How to Rebuild the Community of Family Physicians

Due to the Supreme Court’s decision to uphold the Affordable Care Act and a growing population of U.S. citizens 65+ seeking medical care, the demand for healthcare is at an all-time high. According to the Association of American Medical Colleges (AAMC), it is estimated there will be a shortage of 45,000 primary care doctors in the U.S. by 2020 and a shortage of 65,000 primary care doctors by 2025.


These statistics are scary, especially with a projected 32 million young Americans who will be insured due to the health care reform. Doctors’ offices are overflowing with patients in need of immediate care and it is becoming increasingly difficult for doctors to meet this high demand. While increased access to primary care will lead to better health outcomes and decreased costs for Americans, there are areas of the United States that have been classified as shortage areas, particularly rural areas and inner cities.

So why is there a shortage of family doctors and primary care physicians?

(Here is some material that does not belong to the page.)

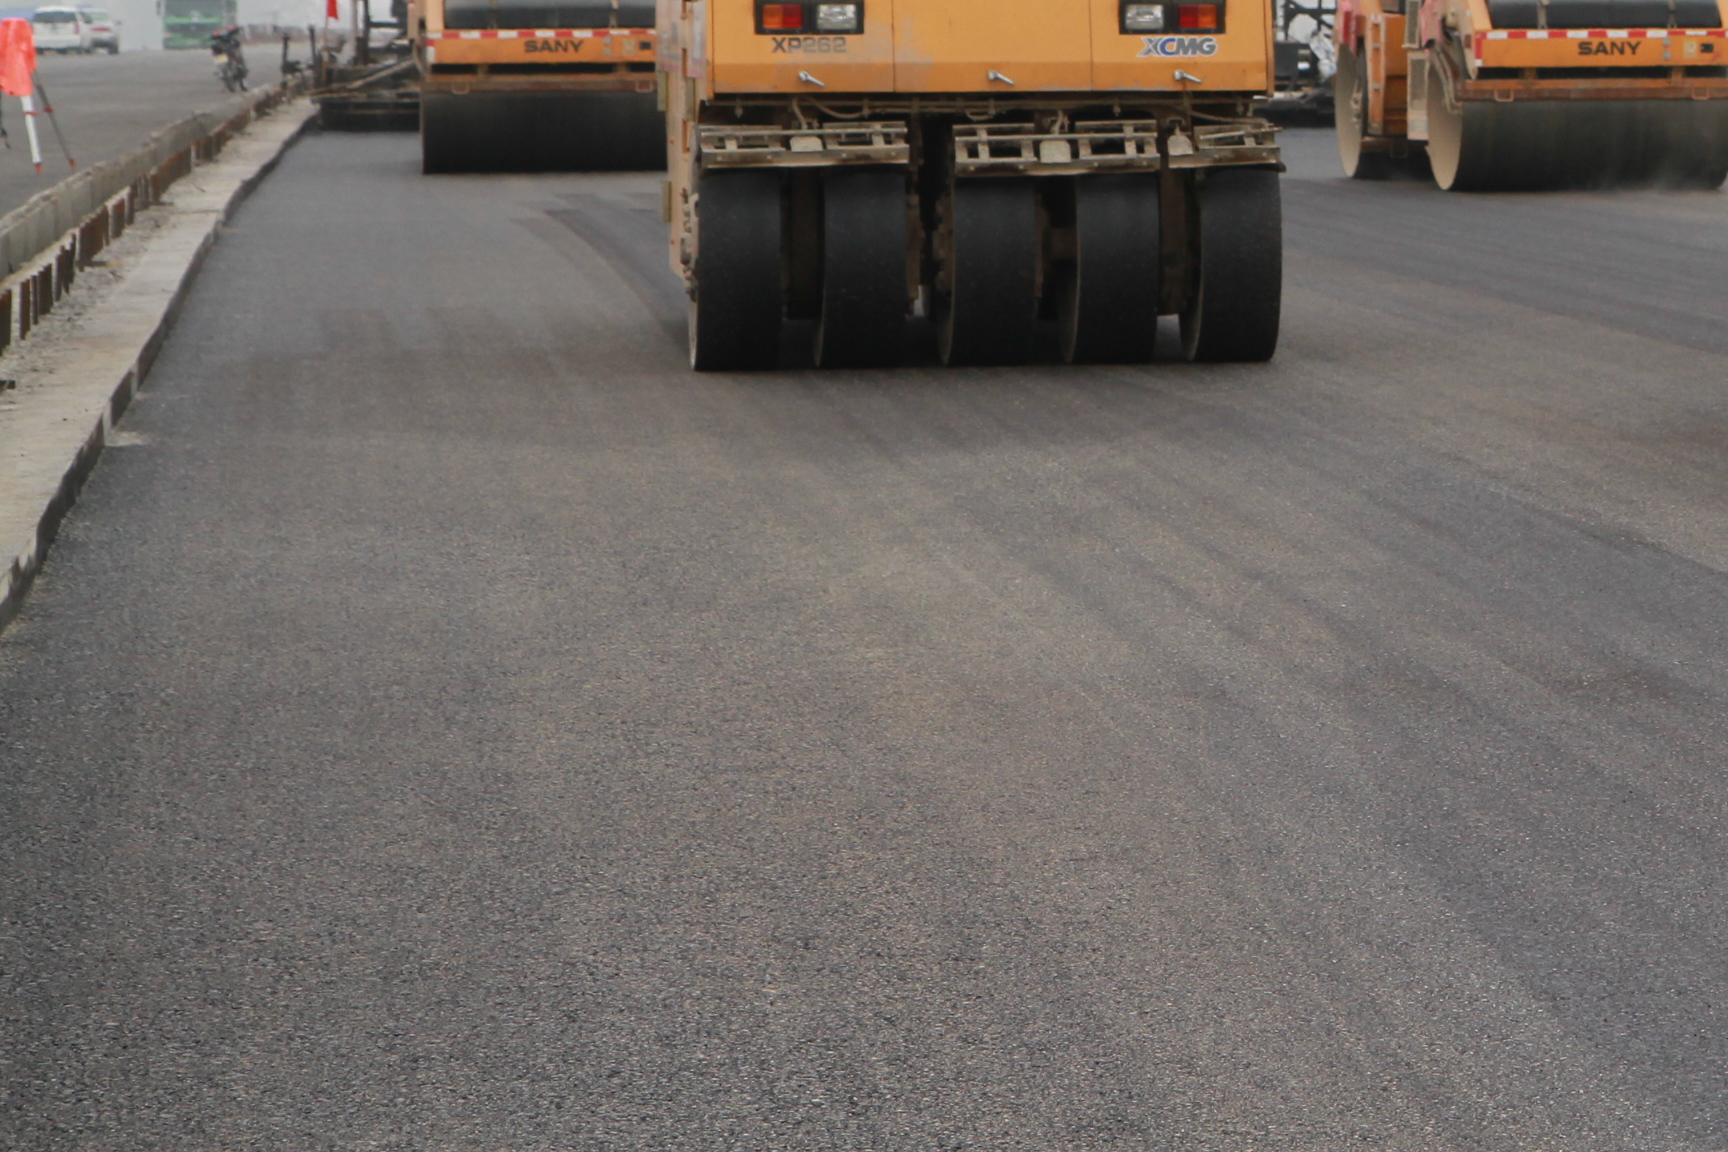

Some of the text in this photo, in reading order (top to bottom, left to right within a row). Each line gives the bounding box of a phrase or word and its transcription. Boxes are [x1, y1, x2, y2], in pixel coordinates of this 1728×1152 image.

[524, 39, 584, 54] SANY
[771, 36, 848, 54] XP262
[1136, 35, 1219, 58] XCMG
[1577, 40, 1642, 56] SANY

While family medicine is an excellent and rewarding field of practice, there has been a steady growth of medical students looking into other specialties. Even though half of medical students show an initial interest in primary care the first day of medical school, that number drops to 20% by their third year. What’s even more disheartening is that medical schools are actively discouraging these students from pursuing a career in family medicine.

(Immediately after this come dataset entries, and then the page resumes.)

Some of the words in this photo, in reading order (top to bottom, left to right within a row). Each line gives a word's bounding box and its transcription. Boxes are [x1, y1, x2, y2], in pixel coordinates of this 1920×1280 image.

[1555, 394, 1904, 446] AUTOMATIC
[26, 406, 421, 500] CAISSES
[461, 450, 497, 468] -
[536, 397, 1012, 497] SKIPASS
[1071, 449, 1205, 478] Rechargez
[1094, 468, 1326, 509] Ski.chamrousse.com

In a New York Times article, Dr. Andrew Morris-Singer, president and co-founder of Primary Care Progress, stated that, “there’s a culture of discouragement that exists in most medical schools around primary care.” He said that, “a lot of medical schools disparage primary care. They say primary care isn’t a good use of medical school resources, and this is communicated to students in a direct way.”

In addition to the intentional lack of recruitment to primary care, money plays a pivotal role in determining one’s medical career. PCPs in America can make anywhere between $140,000 and $150,000, whereas specialists can make two to three times as much.

But there is hope.

Fortunately, some U.S. medical schools are taking steps to encourage medical students to pursue a career in family medicine. For example, Texas Tech has created an accelerated three-year program where students who choose family medicine will have reduced cost of medical school. Other universities interested in creating similar programs include: Mercer University School of Medicine in Georgia and Louisiana State University.

Though this physician workforce shortage was predicted back in 2008 by the American Medical Association (AMA), there is no easy solution to this problem. To ensure that there is an adequate supply of doctors and physicians to meet this country’s medical care demands in the future, there needs to be:

  • Increased recruitment efforts on the part of medical schools
  • Increased reimbursements for family practice to entice physicians to specialize in these areas
  • Decreased training period for primary care physicians so that medical students can move right into the medical curriculum and clinical training.

Family medicine is not a dying field and it should not be treated as such. There is an untapped population of eager and willing prospective family physicians who need the proper guidance and resources to follow their passion of caring for others despite the challenges they may face.